→ **What this task involves**
The whole of the data must be transcribed exactly.

*** Data for this exercise Section Begins ***

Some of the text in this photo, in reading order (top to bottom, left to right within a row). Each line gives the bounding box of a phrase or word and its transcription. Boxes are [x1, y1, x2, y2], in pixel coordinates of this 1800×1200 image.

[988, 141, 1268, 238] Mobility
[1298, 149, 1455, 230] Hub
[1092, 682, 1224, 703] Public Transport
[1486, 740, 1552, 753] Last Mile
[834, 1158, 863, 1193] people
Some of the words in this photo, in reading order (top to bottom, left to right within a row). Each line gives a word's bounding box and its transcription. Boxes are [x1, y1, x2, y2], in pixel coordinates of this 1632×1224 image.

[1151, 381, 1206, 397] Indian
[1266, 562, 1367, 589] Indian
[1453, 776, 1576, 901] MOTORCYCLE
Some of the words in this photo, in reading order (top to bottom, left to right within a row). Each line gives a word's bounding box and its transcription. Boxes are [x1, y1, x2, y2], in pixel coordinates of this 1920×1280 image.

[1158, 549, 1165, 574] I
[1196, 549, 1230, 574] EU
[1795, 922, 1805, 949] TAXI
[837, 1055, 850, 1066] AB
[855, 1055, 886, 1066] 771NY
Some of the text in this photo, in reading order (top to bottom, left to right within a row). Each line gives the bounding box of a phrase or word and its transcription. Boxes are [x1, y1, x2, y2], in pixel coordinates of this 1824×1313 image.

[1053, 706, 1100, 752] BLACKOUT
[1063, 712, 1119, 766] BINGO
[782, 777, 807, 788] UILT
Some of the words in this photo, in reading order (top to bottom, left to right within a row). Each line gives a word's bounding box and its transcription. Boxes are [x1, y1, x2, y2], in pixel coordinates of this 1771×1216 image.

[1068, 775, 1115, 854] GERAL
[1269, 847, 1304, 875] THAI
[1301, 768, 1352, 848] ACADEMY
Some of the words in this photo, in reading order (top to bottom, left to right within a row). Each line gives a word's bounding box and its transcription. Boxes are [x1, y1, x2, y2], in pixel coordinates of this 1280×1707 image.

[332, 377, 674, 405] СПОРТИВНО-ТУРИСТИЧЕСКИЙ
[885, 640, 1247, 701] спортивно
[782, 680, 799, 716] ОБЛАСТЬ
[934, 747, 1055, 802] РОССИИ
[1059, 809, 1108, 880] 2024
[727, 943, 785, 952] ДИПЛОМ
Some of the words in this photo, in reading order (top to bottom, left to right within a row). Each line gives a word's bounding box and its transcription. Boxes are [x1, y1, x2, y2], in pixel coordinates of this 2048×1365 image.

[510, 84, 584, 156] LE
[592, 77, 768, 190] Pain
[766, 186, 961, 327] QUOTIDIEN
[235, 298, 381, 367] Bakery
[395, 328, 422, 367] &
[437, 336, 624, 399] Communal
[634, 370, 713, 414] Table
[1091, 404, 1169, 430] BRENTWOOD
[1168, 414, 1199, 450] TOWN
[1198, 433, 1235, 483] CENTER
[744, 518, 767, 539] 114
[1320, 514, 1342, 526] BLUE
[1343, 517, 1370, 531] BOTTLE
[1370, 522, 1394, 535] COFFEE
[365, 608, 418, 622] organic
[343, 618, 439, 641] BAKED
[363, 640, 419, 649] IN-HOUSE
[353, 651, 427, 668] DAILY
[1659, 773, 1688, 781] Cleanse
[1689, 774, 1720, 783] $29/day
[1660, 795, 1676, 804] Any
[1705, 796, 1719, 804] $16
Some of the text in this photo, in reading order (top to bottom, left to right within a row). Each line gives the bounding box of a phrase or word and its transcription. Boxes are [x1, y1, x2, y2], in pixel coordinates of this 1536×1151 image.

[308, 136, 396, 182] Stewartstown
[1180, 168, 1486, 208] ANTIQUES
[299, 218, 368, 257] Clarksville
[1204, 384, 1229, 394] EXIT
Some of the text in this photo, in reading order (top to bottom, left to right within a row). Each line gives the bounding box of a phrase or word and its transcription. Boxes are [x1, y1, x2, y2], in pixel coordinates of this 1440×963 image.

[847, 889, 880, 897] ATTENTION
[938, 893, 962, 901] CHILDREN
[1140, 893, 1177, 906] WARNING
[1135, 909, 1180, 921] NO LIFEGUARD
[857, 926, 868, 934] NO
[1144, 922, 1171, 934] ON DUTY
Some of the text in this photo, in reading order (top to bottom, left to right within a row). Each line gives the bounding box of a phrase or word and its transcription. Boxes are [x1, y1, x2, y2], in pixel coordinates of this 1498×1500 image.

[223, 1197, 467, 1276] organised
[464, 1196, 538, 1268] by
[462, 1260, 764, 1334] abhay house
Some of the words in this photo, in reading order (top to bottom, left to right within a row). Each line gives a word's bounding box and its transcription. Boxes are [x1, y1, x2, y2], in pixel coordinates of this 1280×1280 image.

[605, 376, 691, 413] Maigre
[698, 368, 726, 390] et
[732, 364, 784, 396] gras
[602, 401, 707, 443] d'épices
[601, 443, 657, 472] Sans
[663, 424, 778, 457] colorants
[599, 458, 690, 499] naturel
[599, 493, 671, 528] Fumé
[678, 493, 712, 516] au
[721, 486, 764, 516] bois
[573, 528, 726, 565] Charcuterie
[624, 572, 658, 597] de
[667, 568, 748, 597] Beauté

*** Data for this exercise Section Ends ***

→ **Your response**
Some of the text in this photo, in reading order (top to bottom, left to right within a row). Each line gives the bounding box of a phrase or word and its transcription. Boxes are [x1, y1, x2, y2], in pixel coordinates of this 1800×1200 image.

[988, 141, 1268, 238] Mobility
[1298, 149, 1455, 230] Hub
[1092, 682, 1224, 703] Public Transport
[1486, 740, 1552, 753] Last Mile
[834, 1158, 863, 1193] people
Some of the words in this photo, in reading order (top to bottom, left to right within a row). Each line gives a word's bounding box and its transcription. Boxes are [x1, y1, x2, y2], in pixel coordinates of this 1632×1224 image.

[1151, 381, 1206, 397] Indian
[1266, 562, 1367, 589] Indian
[1453, 776, 1576, 901] MOTORCYCLE
Some of the words in this photo, in reading order (top to bottom, left to right within a row). Each line gives a word's bounding box and its transcription. Boxes are [x1, y1, x2, y2], in pixel coordinates of this 1920×1280 image.

[1158, 549, 1165, 574] I
[1196, 549, 1230, 574] EU
[1795, 922, 1805, 949] TAXI
[837, 1055, 850, 1066] AB
[855, 1055, 886, 1066] 771NY
Some of the text in this photo, in reading order (top to bottom, left to right within a row). Each line gives the bounding box of a phrase or word and its transcription. Boxes are [x1, y1, x2, y2], in pixel coordinates of this 1824×1313 image.

[1053, 706, 1100, 752] BLACKOUT
[1063, 712, 1119, 766] BINGO
[782, 777, 807, 788] UILT
Some of the words in this photo, in reading order (top to bottom, left to right within a row). Each line gives a word's bounding box and its transcription. Boxes are [x1, y1, x2, y2], in pixel coordinates of this 1771×1216 image.

[1068, 775, 1115, 854] GERAL
[1269, 847, 1304, 875] THAI
[1301, 768, 1352, 848] ACADEMY
Some of the words in this photo, in reading order (top to bottom, left to right within a row). Each line gives a word's bounding box and its transcription. Boxes are [x1, y1, x2, y2], in pixel coordinates of this 1280×1707 image.

[332, 377, 674, 405] СПОРТИВНО-ТУРИСТИЧЕСКИЙ
[885, 640, 1247, 701] спортивно
[782, 680, 799, 716] ОБЛАСТЬ
[934, 747, 1055, 802] РОССИИ
[1059, 809, 1108, 880] 2024
[727, 943, 785, 952] ДИПЛОМ
Some of the words in this photo, in reading order (top to bottom, left to right within a row). Each line gives a word's bounding box and its transcription. Boxes are [x1, y1, x2, y2], in pixel coordinates of this 2048×1365 image.

[510, 84, 584, 156] LE
[592, 77, 768, 190] Pain
[766, 186, 961, 327] QUOTIDIEN
[235, 298, 381, 367] Bakery
[395, 328, 422, 367] &
[437, 336, 624, 399] Communal
[634, 370, 713, 414] Table
[1091, 404, 1169, 430] BRENTWOOD
[1168, 414, 1199, 450] TOWN
[1198, 433, 1235, 483] CENTER
[744, 518, 767, 539] 114
[1320, 514, 1342, 526] BLUE
[1343, 517, 1370, 531] BOTTLE
[1370, 522, 1394, 535] COFFEE
[365, 608, 418, 622] organic
[343, 618, 439, 641] BAKED
[363, 640, 419, 649] IN-HOUSE
[353, 651, 427, 668] DAILY
[1659, 773, 1688, 781] Cleanse
[1689, 774, 1720, 783] $29/day
[1660, 795, 1676, 804] Any
[1705, 796, 1719, 804] $16
Some of the text in this photo, in reading order (top to bottom, left to right within a row). Each line gives the bounding box of a phrase or word and its transcription. Boxes are [x1, y1, x2, y2], in pixel coordinates of this 1536×1151 image.

[308, 136, 396, 182] Stewartstown
[1180, 168, 1486, 208] ANTIQUES
[299, 218, 368, 257] Clarksville
[1204, 384, 1229, 394] EXIT
Some of the text in this photo, in reading order (top to bottom, left to right within a row). Each line gives the bounding box of a phrase or word and its transcription. Boxes are [x1, y1, x2, y2], in pixel coordinates of this 1440×963 image.

[847, 889, 880, 897] ATTENTION
[938, 893, 962, 901] CHILDREN
[1140, 893, 1177, 906] WARNING
[1135, 909, 1180, 921] NO LIFEGUARD
[857, 926, 868, 934] NO
[1144, 922, 1171, 934] ON DUTY
Some of the text in this photo, in reading order (top to bottom, left to right within a row). Each line gives the bounding box of a phrase or word and its transcription. Boxes are [x1, y1, x2, y2], in pixel coordinates of this 1498×1500 image.

[223, 1197, 467, 1276] organised
[464, 1196, 538, 1268] by
[462, 1260, 764, 1334] abhay house
Some of the words in this photo, in reading order (top to bottom, left to right within a row). Each line gives a word's bounding box and its transcription. Boxes are [x1, y1, x2, y2], in pixel coordinates of this 1280×1280 image.

[605, 376, 691, 413] Maigre
[698, 368, 726, 390] et
[732, 364, 784, 396] gras
[602, 401, 707, 443] d'épices
[601, 443, 657, 472] Sans
[663, 424, 778, 457] colorants
[599, 458, 690, 499] naturel
[599, 493, 671, 528] Fumé
[678, 493, 712, 516] au
[721, 486, 764, 516] bois
[573, 528, 726, 565] Charcuterie
[624, 572, 658, 597] de
[667, 568, 748, 597] Beauté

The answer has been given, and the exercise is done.